The guard stopped outside the cell as the inmate looked out the small window in the door. "Oh, the usual... postcards from anti-penalty folk, proposals from your lady admirers. You said you were done with those." He walked away from the cell.
"Hey, how's your wife, by the way... Amanda? That's her name, isn't it? You know I killed an Amanda once? My fourth. I'd do your wife the same, buddy, only slower."
The guard turned and walked back towards the cell, facing the inmate. "Two weeks from Tuesday Tommy." The guard walked away.
"Yeah. Let's do it now, tonight!"
The guard was at the gate at the end of the row. He signaled to guard two who was watching the surveillance cameras to open the gate. After guard one was through the gate, guard two stepped away from the cameras to get coffee.

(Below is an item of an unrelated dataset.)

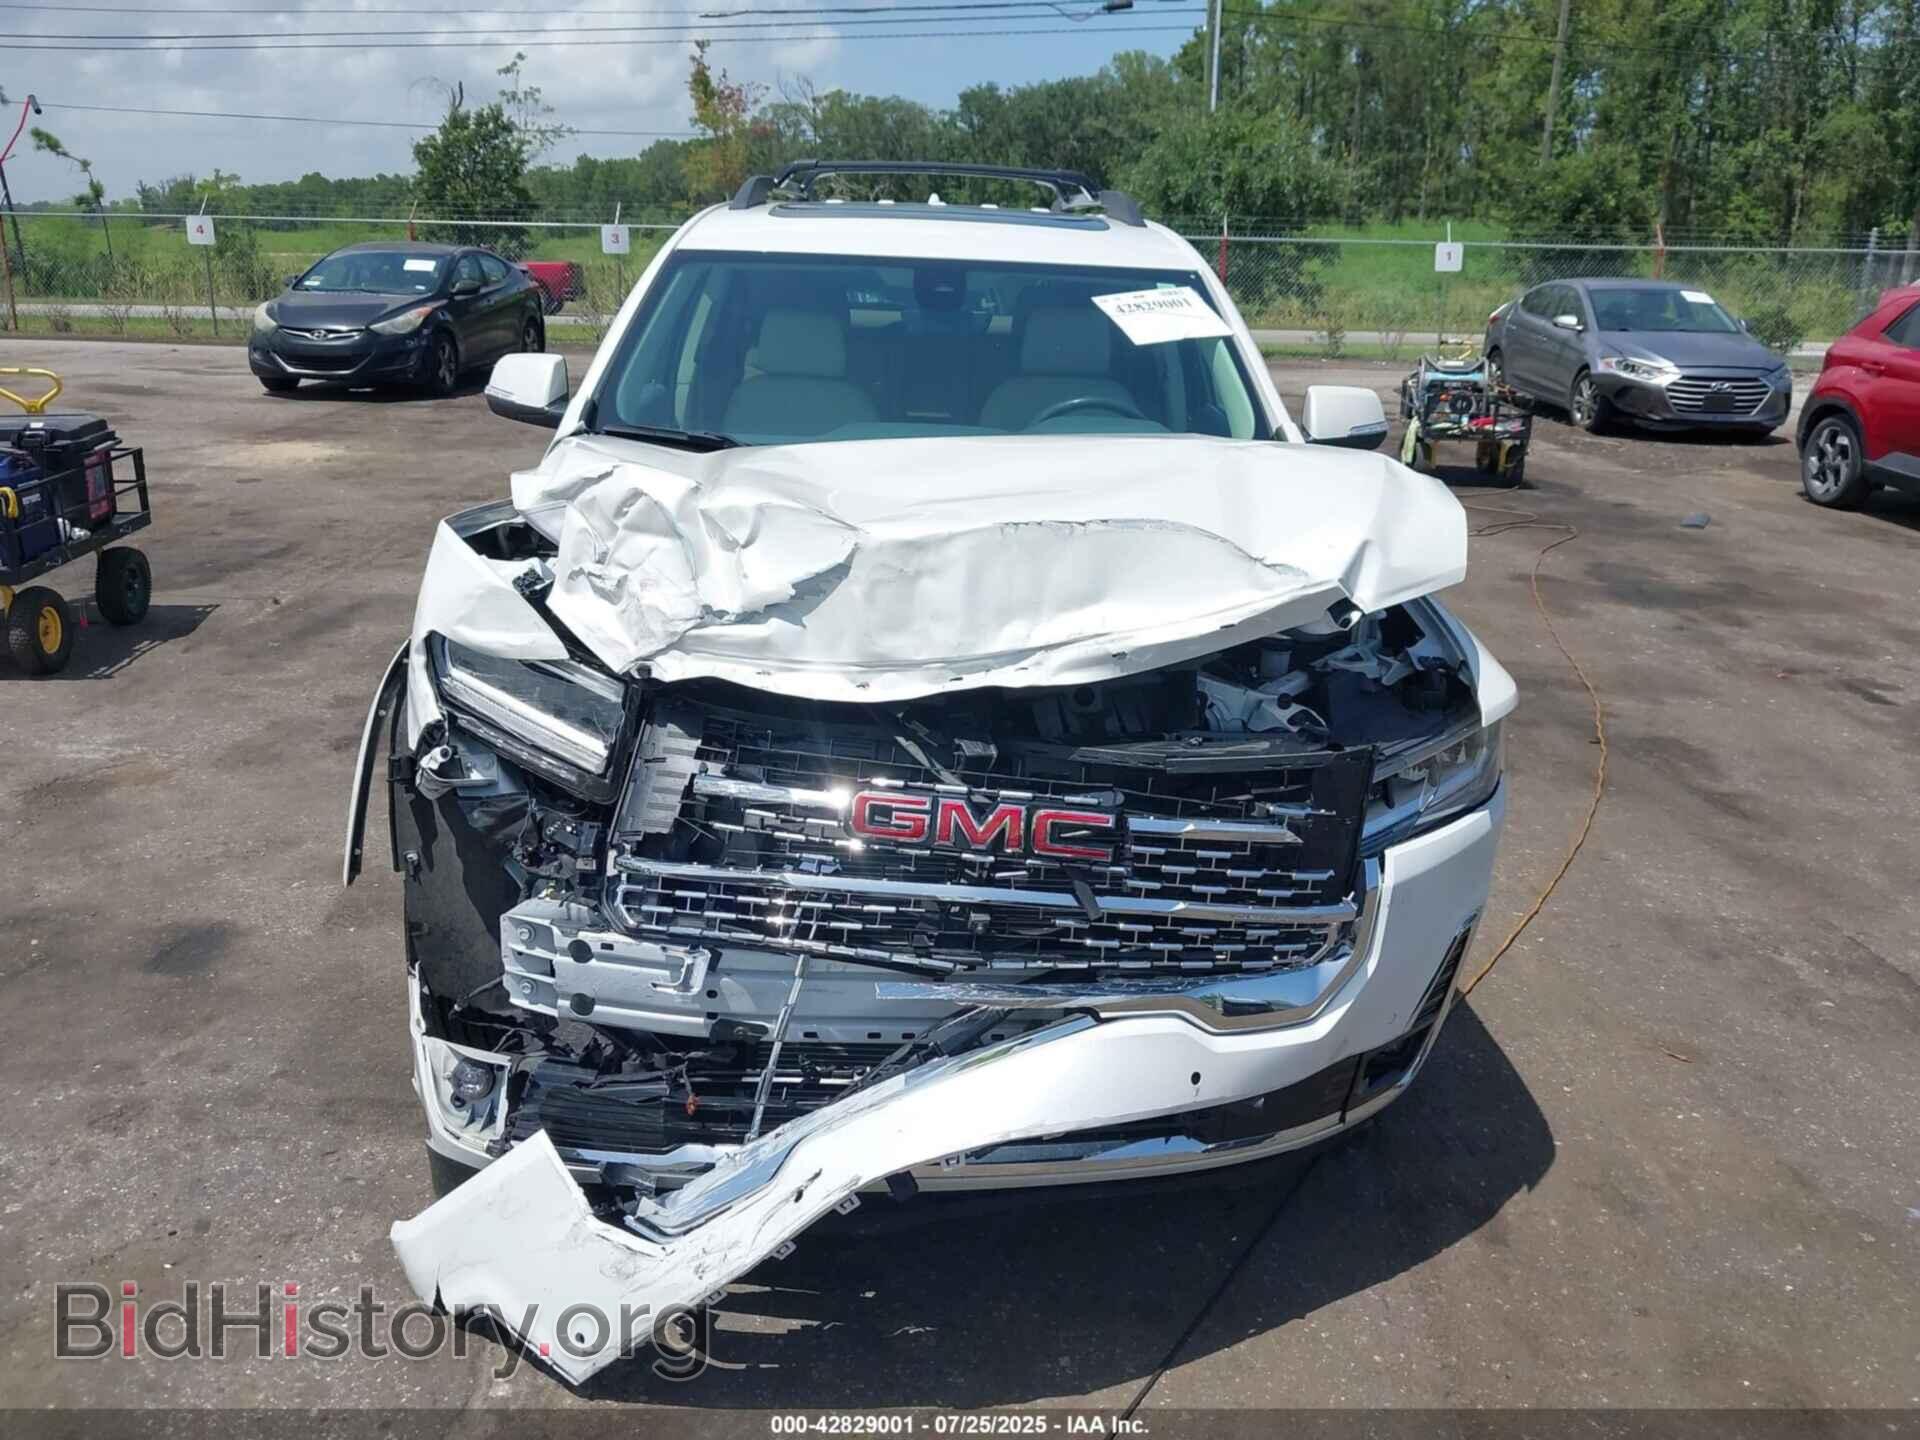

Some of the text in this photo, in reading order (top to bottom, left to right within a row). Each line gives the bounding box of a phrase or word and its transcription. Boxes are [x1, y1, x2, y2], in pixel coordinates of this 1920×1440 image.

[196, 224, 205, 234] 4
[611, 233, 620, 244] 3
[851, 790, 1116, 862] GMC

Tommy, in his cell, sat on his cot and hung his head.
Electricity crackled and a man stepped in front of the locked gate. The light blinked off and when they came back on, the man was on the other side of the gate.
Guard two made his coffee as guard one walked into the room, and backed to the cellblock where the man was walking down the town.
"Tolliver giving you the usual grief?" guard two asked.
"Nothing new," guard one replied.
The man, Cain, was walking down the cellblock, the lights going out as he passed each cell.
"I can't wait till he's gone."
Guard one glanced at the monitors and saw Cain walking down the darkened cellblock. He walked closer and saw Cain standing outside Tommy's cell. Tommy looked out his window. The camera monitors blinked off and when they came back on, the man was on the other side of the gate. The guards looked at each other and shrugged.
Tommy was in his cell looking nervous. He turned and Cain was standing in his cell.
"Who the hell are you?" Tommy asked. "How's you get in here?!"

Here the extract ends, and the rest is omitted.